Towards the middle, he cracks a good contemporary joke, too, that in hurrying through the partition of India Mountbatten went for a hard Brexit (laughter from the seats). All this is probably fine, the grist of stage business, but soon we are left with a troubling realisation. Are we being asked to zoom in on Godse’s humanity a little too persistently, while the politics that underpins the assassination is pushed off stage? At the same time, we are also shown other political figures of India’s independence movement, Nehru, Patel and Jinnah as somewhat cantankerous, flat characters – Jinnah’s representation approaching caricature with a pronouncedly rotund appearance and anodyne, all-I-want-is-Pakistan dialogue with others. (What’s the play doing?) The portraiture then turns even more problematic when we see Gandhi himself portrayed as a petulant, sometimes snivelling man who must always get what he wants.
Some of the commentary aimed back at Godse is pointed, ‘So you are going to kill me because I’m a bad father…?’, ‘You are talking about being effeminate.’ (In this fictional version, Godse is brought up as a girl so his parents can dress him as a goddess and live off the devotees’ offerings.)
In its theatricality, the staging is fine, the revolving stage reminiscent of Gandhi’s spinning wheel, the backdrop of woven gauze a nice touch, too. The set design by Rajha Shakiry is striking, the lighting on spot, but what’s portrayed on the stage is a disquieting spectacle. Is Gandhi wilfully given less stage time? ‘Go away, it’s my story,’ Godse thunders, and on cue the Mahatma leaves. These departures are strange and puzzling. As Godse rants and declaims, Gandhi leaves the stage sniggering, shaking his head, not with the gravitas of a man who’s aware of the weight of history on his shoulders. In places, the effect is of Gandhi being caricatured for his insistence on following the high path.
Of all the figures, it is Godse’s childhood playmate, Vimla, dismissed by Godse as an ‘unnecessary apostrophe’, who acts as the foil to his narcissistic madness. She very briefly confronts Godse and his mentor Savarkar’s divisive politics and their stance against Gandhi.
At a time like this, when the politics Godse swore by is seeing a violent revival in India, indeed is now the de-facto official ideology, it was discomfiting to see Godse invested with a more powerful, heroic presence than his victim. Yes, we get the anti-hero charm thing (haven’t we seen a lot of that in the Hollywood serial-killer procedural?), but the insistence on making him likable, while turning others – including Nehru, who was not a footnote to Gandhi, however flawed he may have been, and Gandhi himself – into comparatively lightweight characters, gives a sinister edge to the play.

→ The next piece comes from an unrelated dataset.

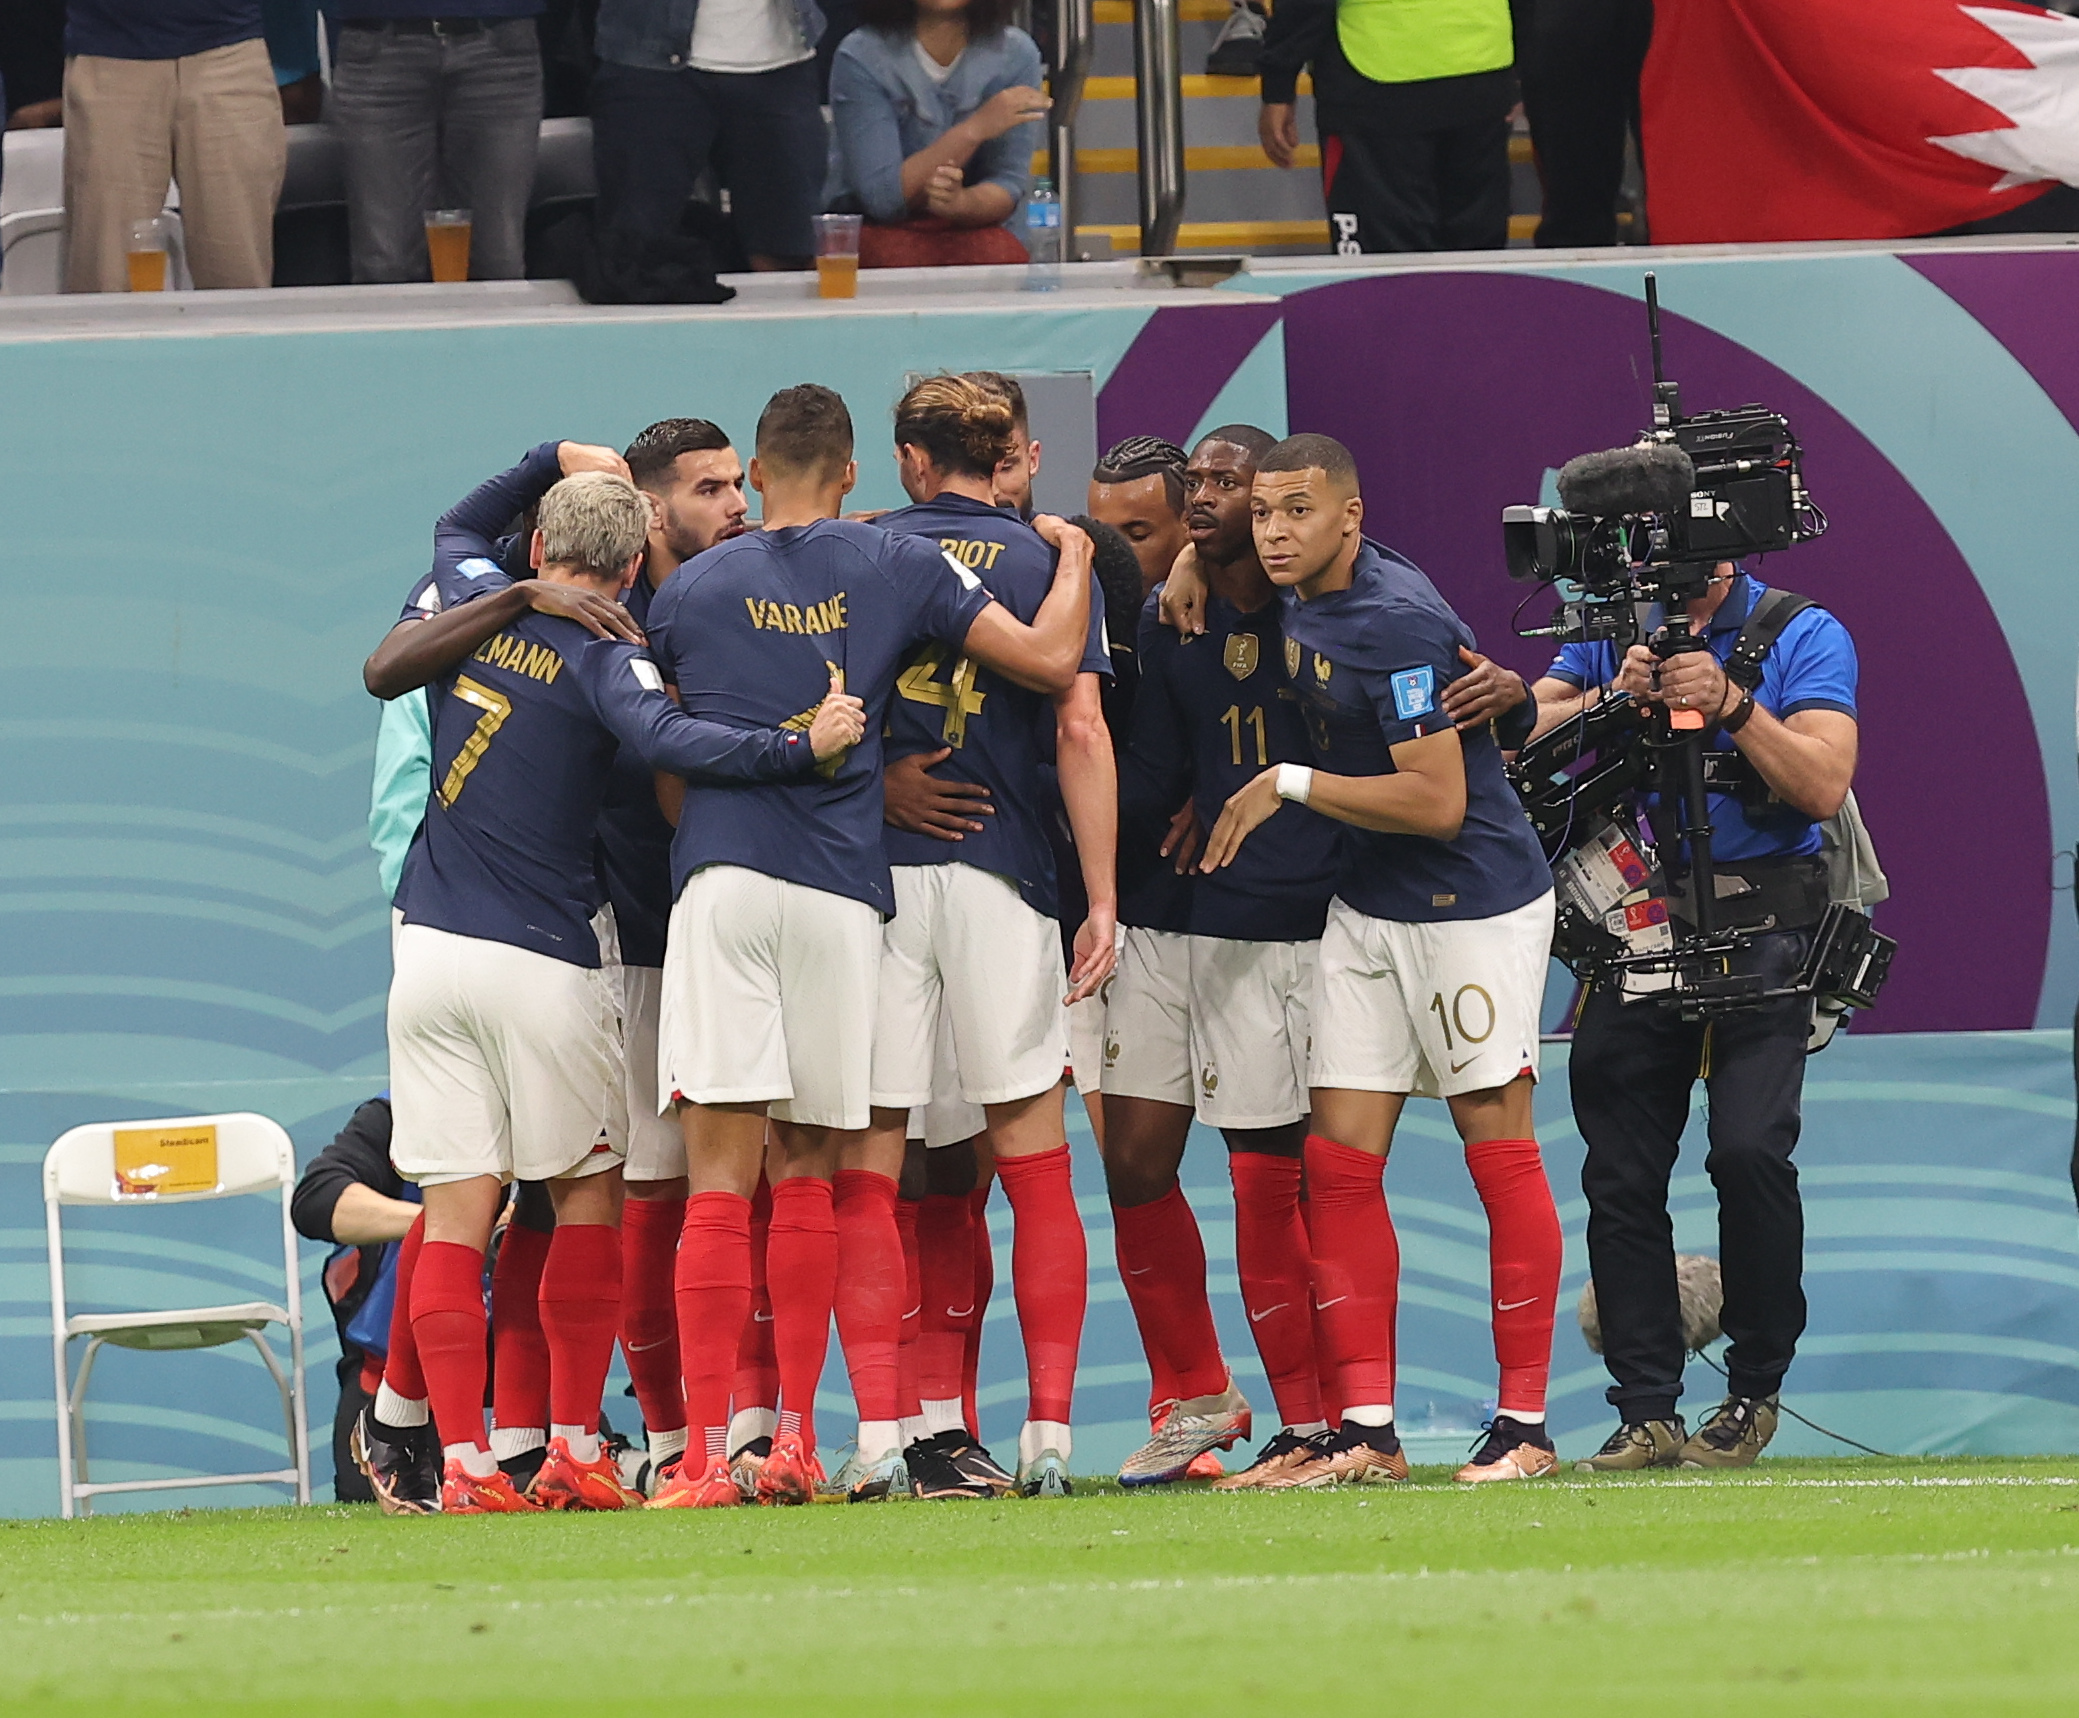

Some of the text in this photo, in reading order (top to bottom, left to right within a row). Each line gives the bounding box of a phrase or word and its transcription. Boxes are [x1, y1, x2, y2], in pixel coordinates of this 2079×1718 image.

Shubham Saraf as Godse does a fine job in that he delivers what’s given to him with relish, Ayesha Dharker as Godse’s mother Aai is reliably good as always, and the text is generally well served by its cast. The play may serve as a rudimentary primer on the history of the Partition and India under British rule for the uninitiated. But even here serious omissions stand out; the play does not even mention that Godse belonged to the paramilitary Hindu nationalist group, RSS (Rashtriya Swayamsevak Sangh). He’s shown to be deeply unhappy with Gandhi for not keeping India together, but what’s left out is that ‘undivided India’ in the Godse and RRS view means a Hindu supremacist India.
These are profoundly serious choices to make when we use historical fact in a dramatic retelling; creative licence cannot entail suggesting an equivalence between one of the most significant political figures in history and a murderous fanatic with daddy issues. As the fictional Godse goes to the gallows triumphantly, I thought of the televised demolitions of Muslim homes in contemporary India.